-- Work required --
Quote, word for word, the line containing "this 1600×1200 image." and all lines that follow it to the end of the records, with no pictures.

── Entries shown

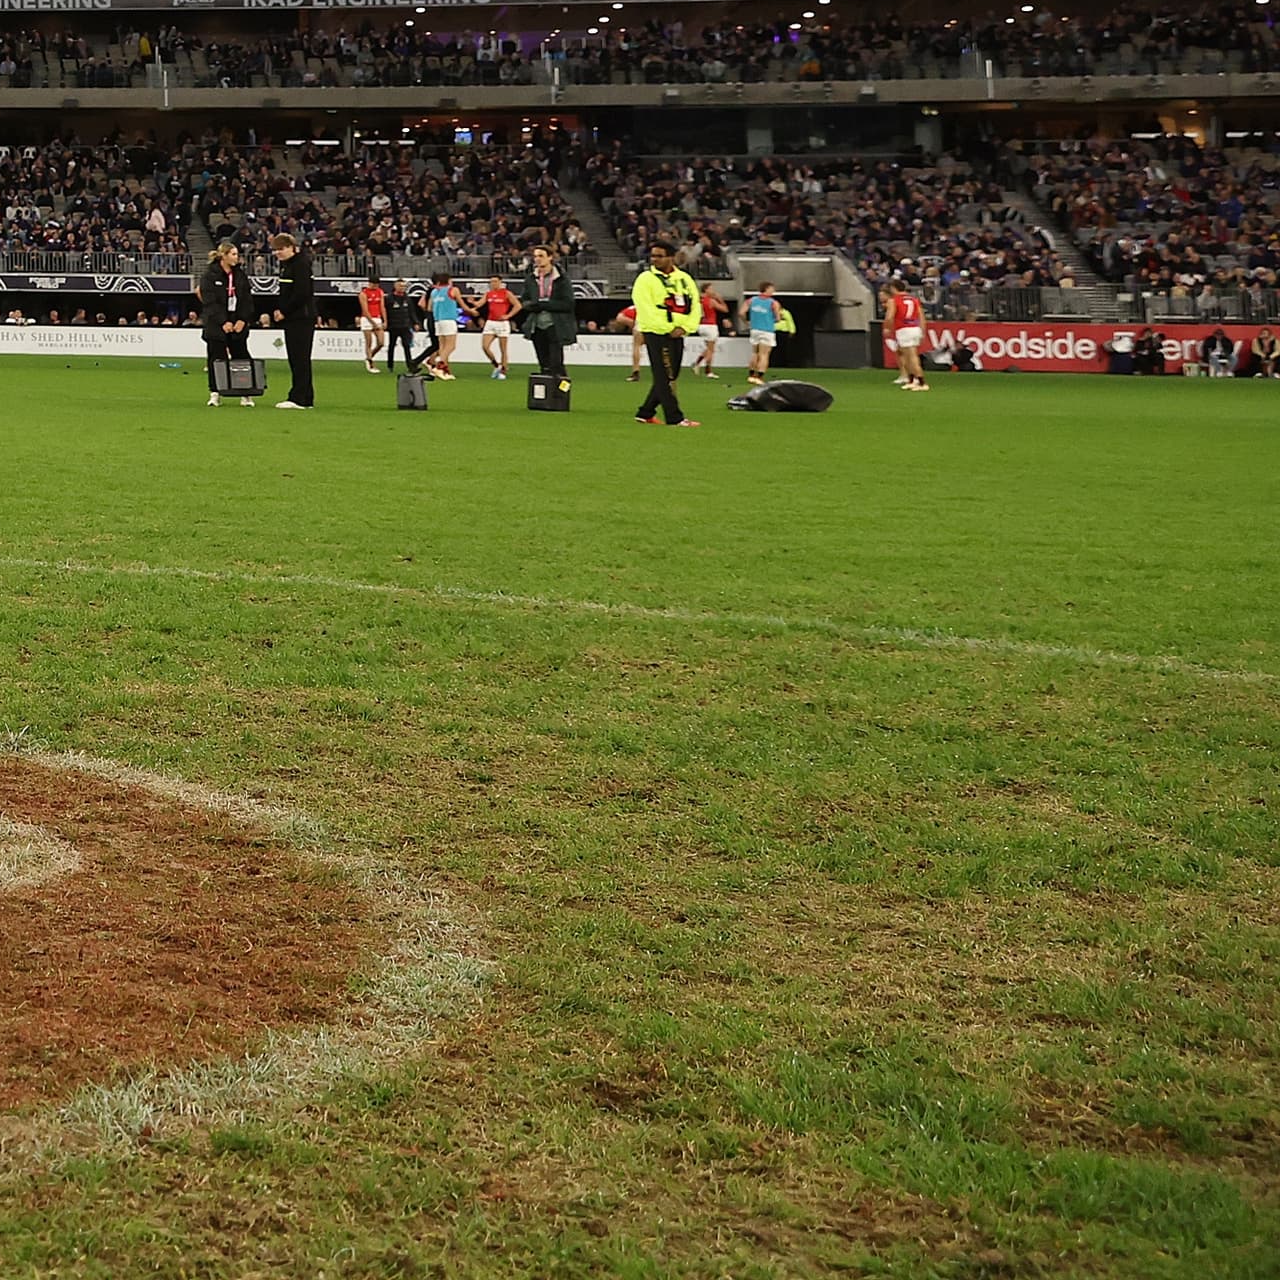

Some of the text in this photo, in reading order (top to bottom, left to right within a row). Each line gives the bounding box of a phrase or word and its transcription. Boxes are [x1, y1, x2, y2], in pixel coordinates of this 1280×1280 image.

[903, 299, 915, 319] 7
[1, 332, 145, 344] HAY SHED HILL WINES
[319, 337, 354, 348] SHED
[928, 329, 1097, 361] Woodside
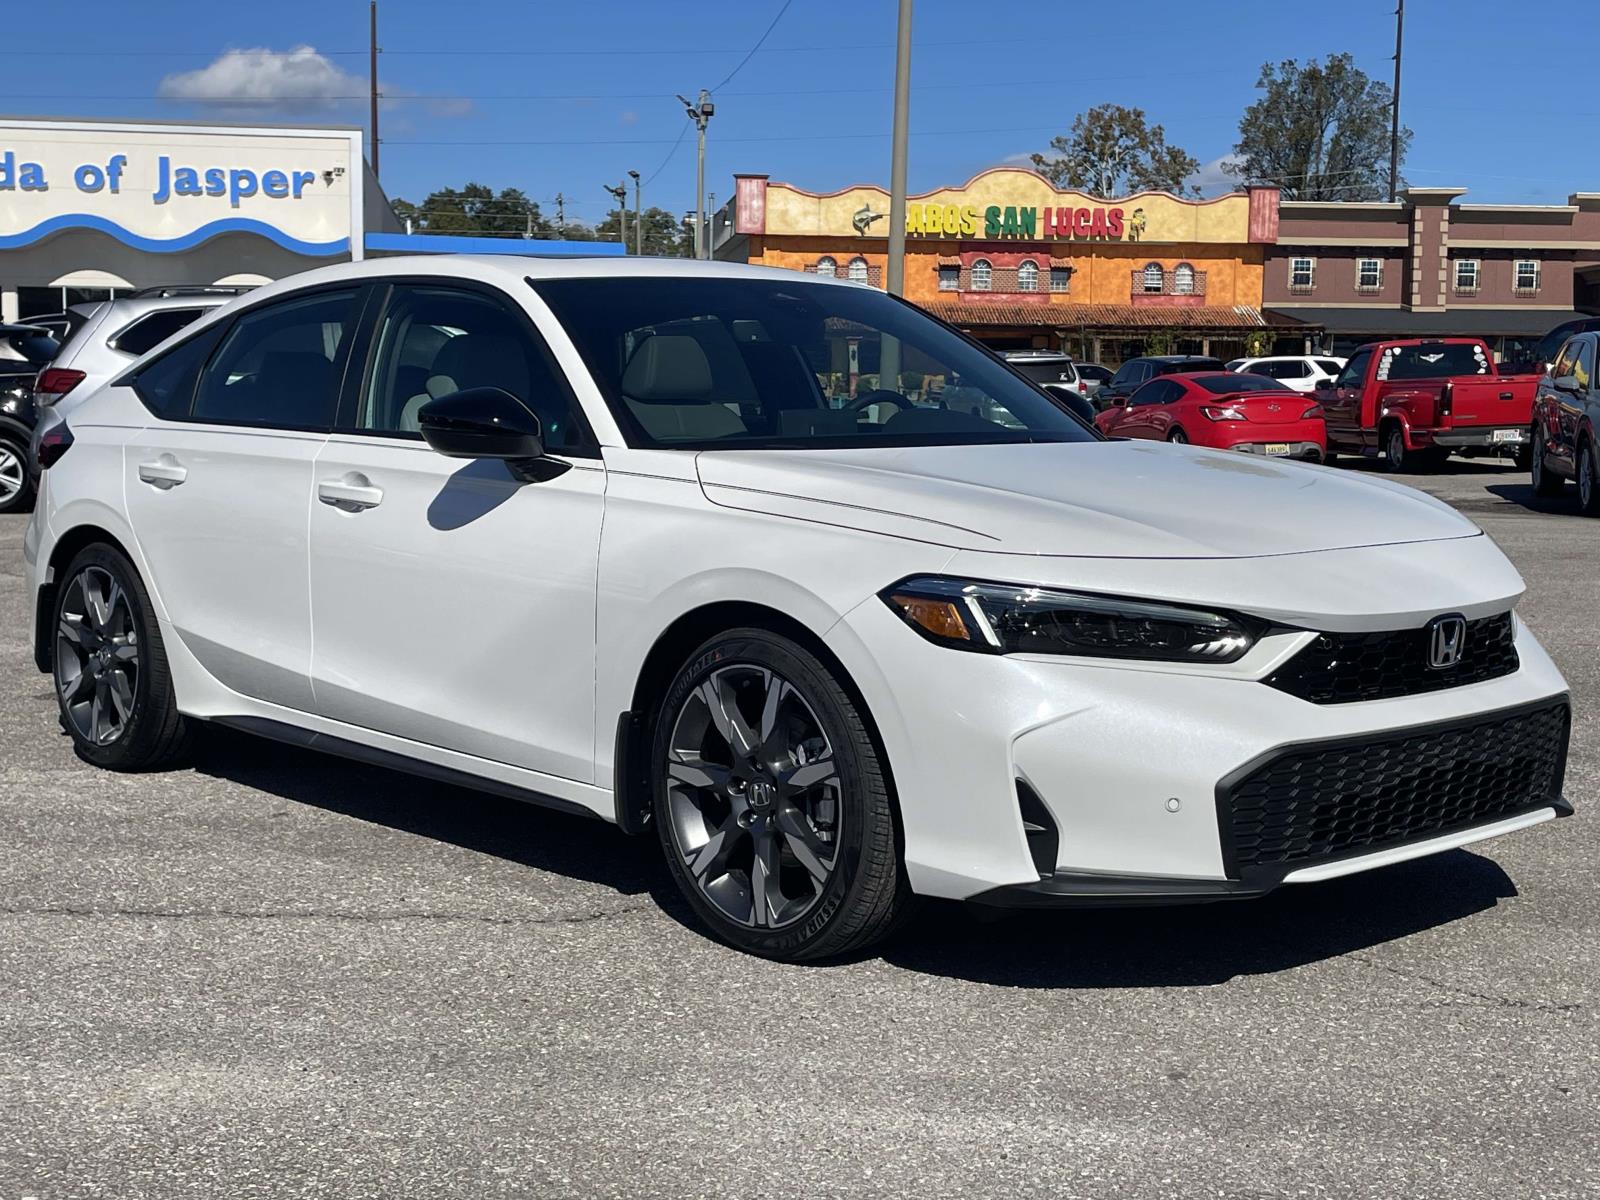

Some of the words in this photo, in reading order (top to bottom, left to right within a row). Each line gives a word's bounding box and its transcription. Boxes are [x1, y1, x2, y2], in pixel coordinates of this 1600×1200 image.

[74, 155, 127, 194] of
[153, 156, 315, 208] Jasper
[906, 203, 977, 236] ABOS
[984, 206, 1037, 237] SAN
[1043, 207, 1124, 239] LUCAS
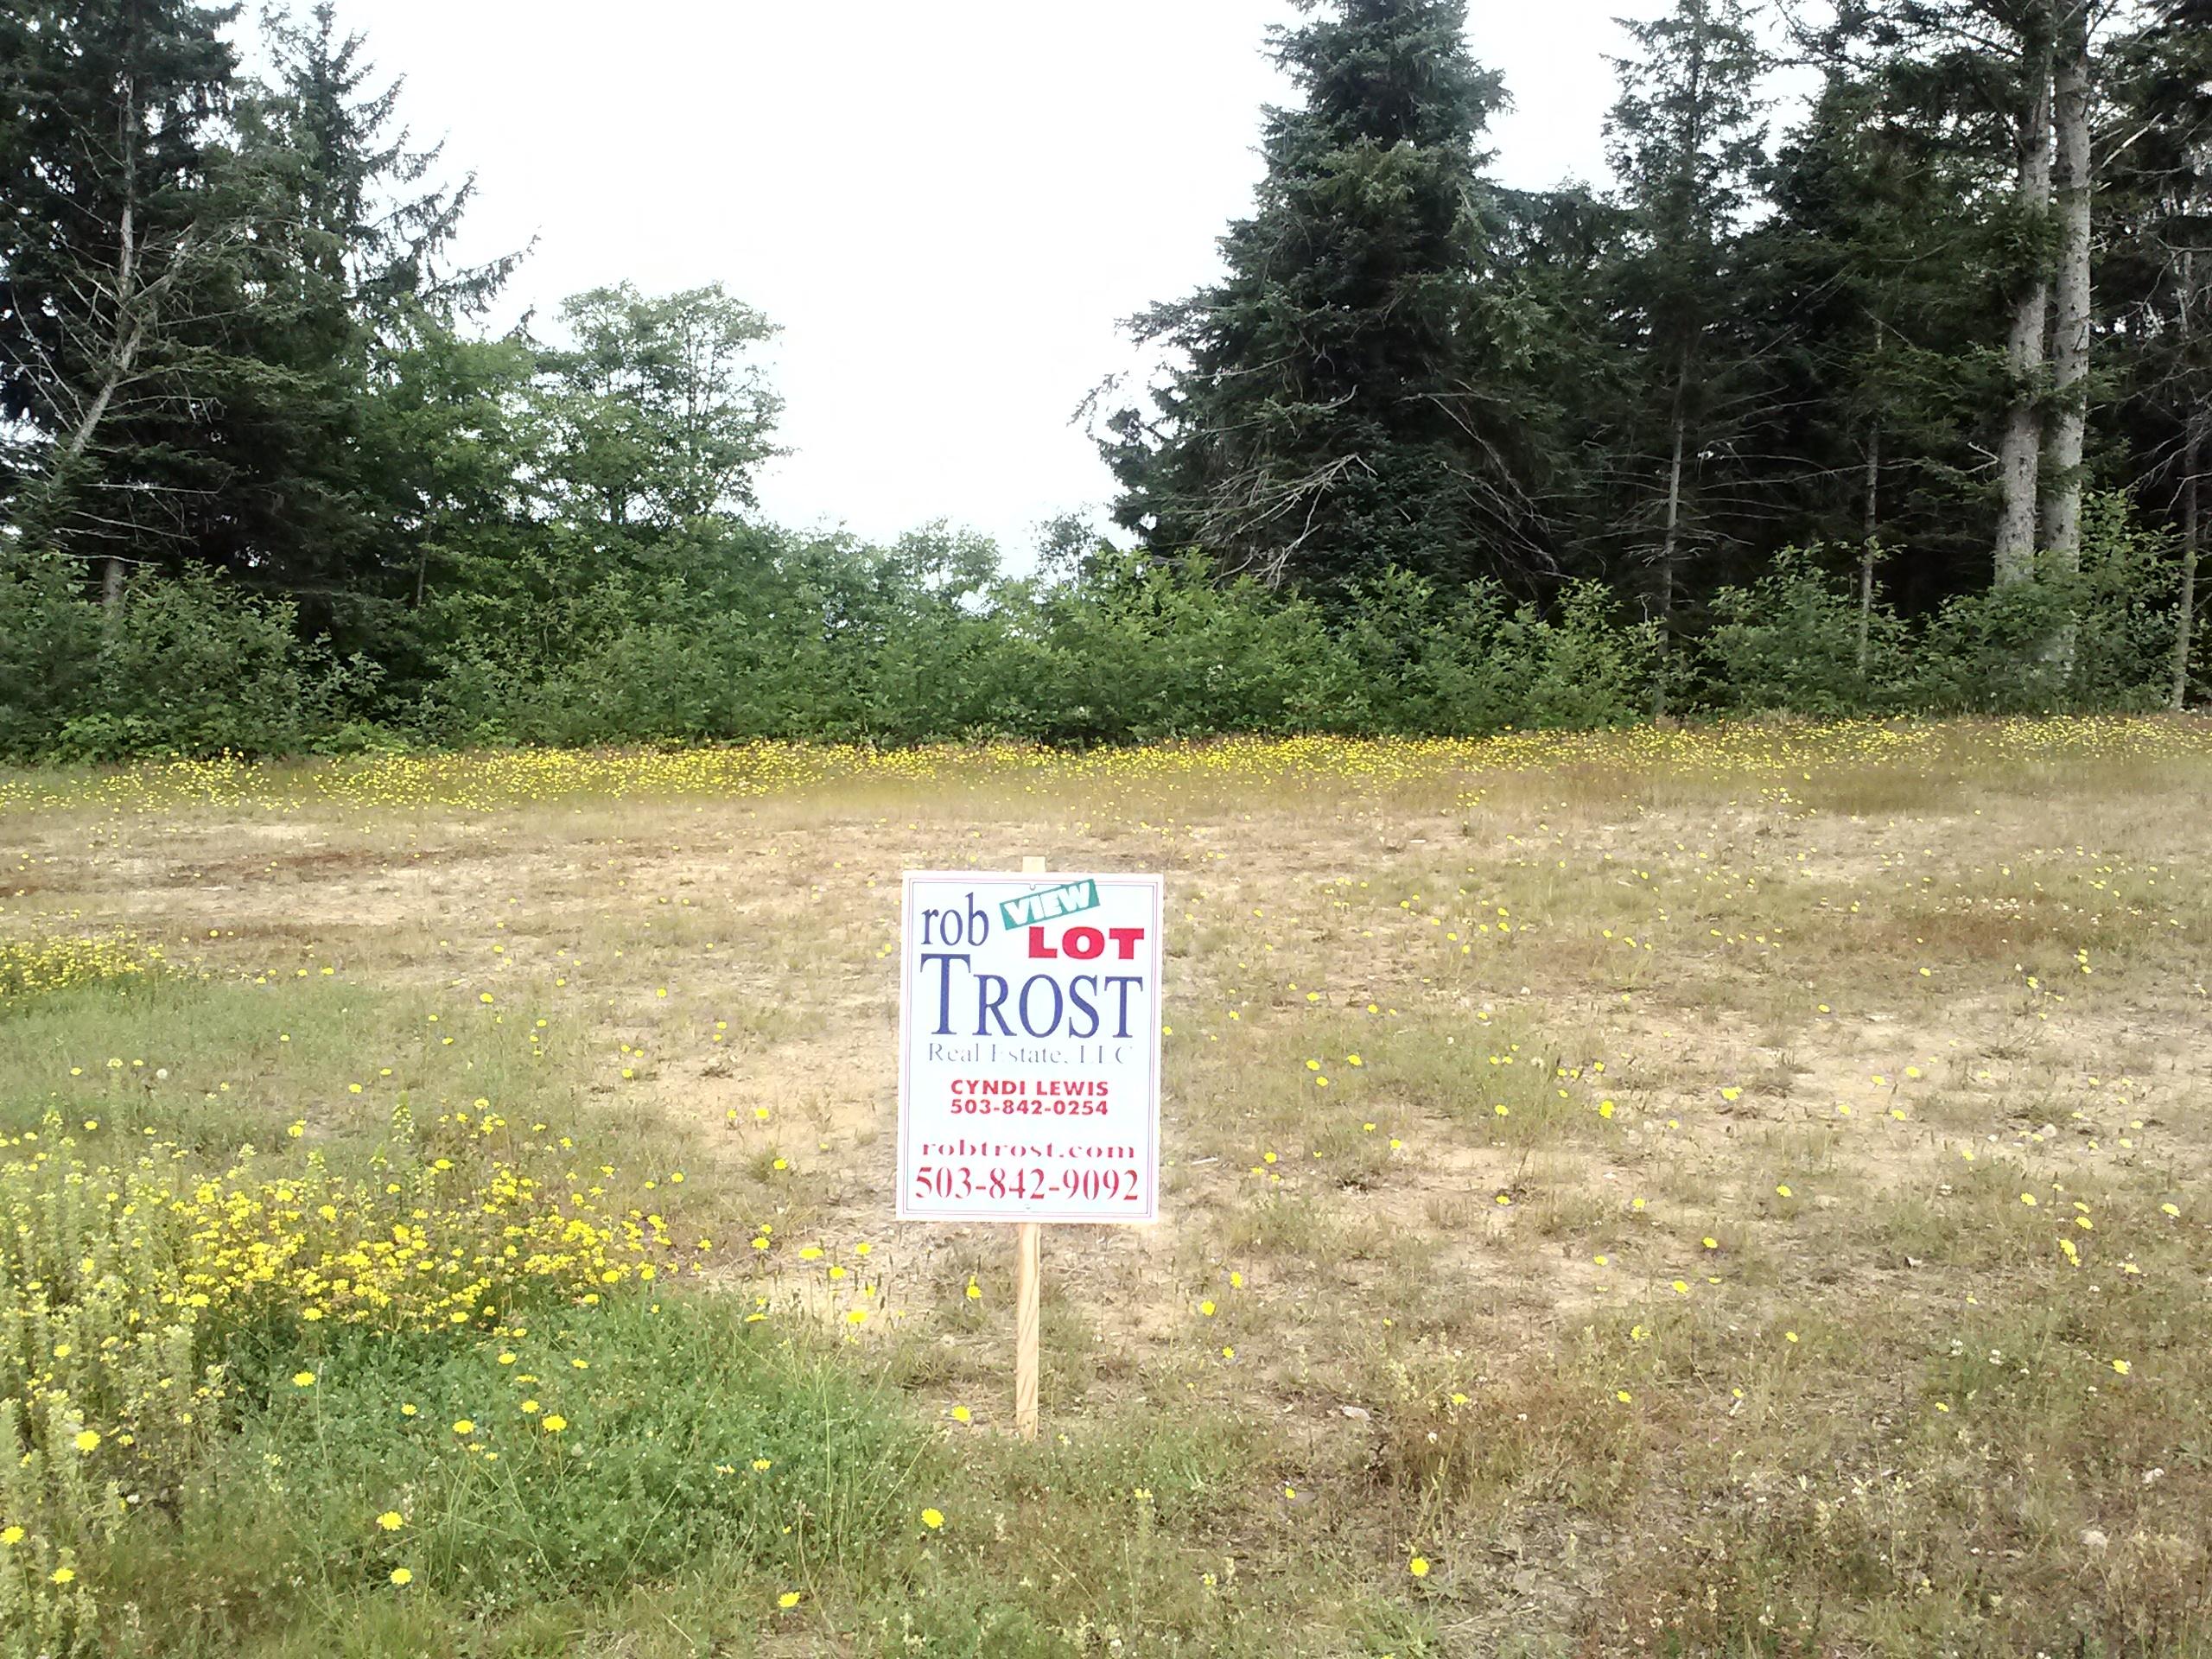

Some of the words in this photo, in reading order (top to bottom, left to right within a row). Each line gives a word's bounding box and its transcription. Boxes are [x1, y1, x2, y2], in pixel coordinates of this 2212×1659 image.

────

-- Written solution --
Some of the words in this photo, in reading order (top to bottom, left to right within a row). Each line gives a word's bounding box and its transcription. Boxes are [x1, y1, x2, y2], in pixel coordinates of this 1600×1200 image.

[74, 155, 127, 194] of
[153, 156, 315, 208] Jasper
[906, 203, 977, 236] ABOS
[984, 206, 1037, 237] SAN
[1043, 207, 1124, 239] LUCAS

Some of the words in this photo, in reading order (top to bottom, left to right within a row). Each line gives a word's bounding box and its transcription. Boxes are [x1, y1, x2, y2], in pixel coordinates of this 2212×1659 image.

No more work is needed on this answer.